# WORK TASK
Go through the data below and copy it exactly, skipping every picture.
- - - - -
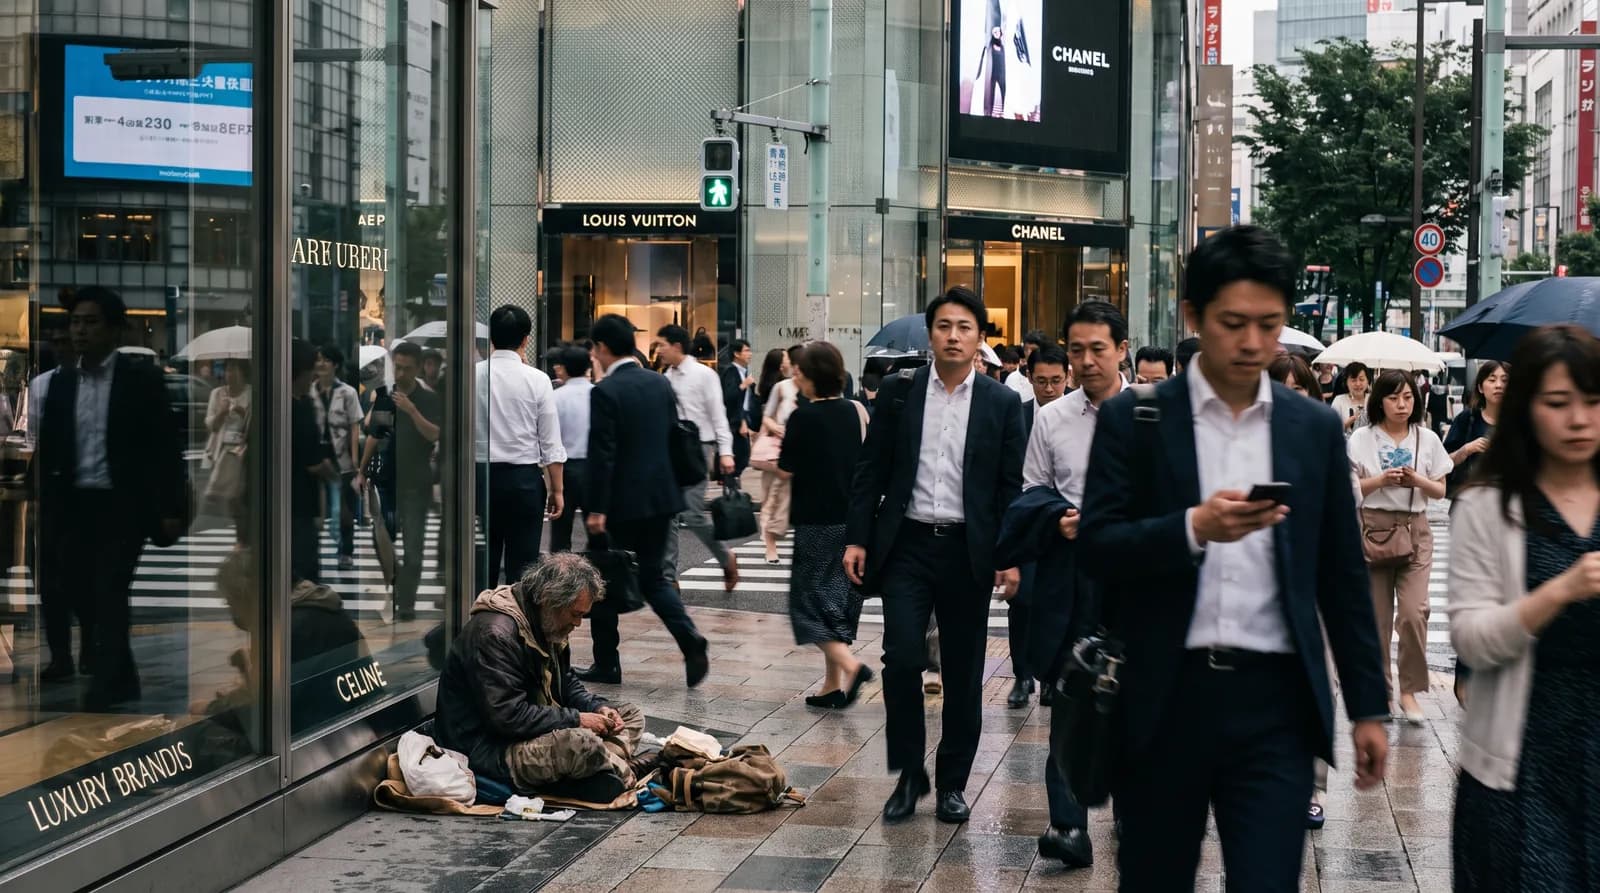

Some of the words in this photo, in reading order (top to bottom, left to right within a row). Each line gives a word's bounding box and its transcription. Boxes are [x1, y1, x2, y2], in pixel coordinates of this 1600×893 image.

[1052, 45, 1110, 68] CHANEL
[358, 214, 385, 226] AEP
[582, 214, 627, 227] LOUIS
[631, 214, 697, 227] VUITTON
[1011, 224, 1066, 241] CHANEL
[1421, 232, 1438, 247] 40
[336, 661, 388, 702] CELINE
[28, 772, 111, 832] LUXURY
[112, 741, 193, 797] BRANDIS
- - - - -
# SOLUTION FOR THIS TASK
Some of the words in this photo, in reading order (top to bottom, left to right within a row). Each line gives a word's bounding box and its transcription. Boxes are [x1, y1, x2, y2], in pixel coordinates of this 1600×893 image.

[1052, 45, 1110, 68] CHANEL
[358, 214, 385, 226] AEP
[582, 214, 627, 227] LOUIS
[631, 214, 697, 227] VUITTON
[1011, 224, 1066, 241] CHANEL
[1421, 232, 1438, 247] 40
[336, 661, 388, 702] CELINE
[28, 772, 111, 832] LUXURY
[112, 741, 193, 797] BRANDIS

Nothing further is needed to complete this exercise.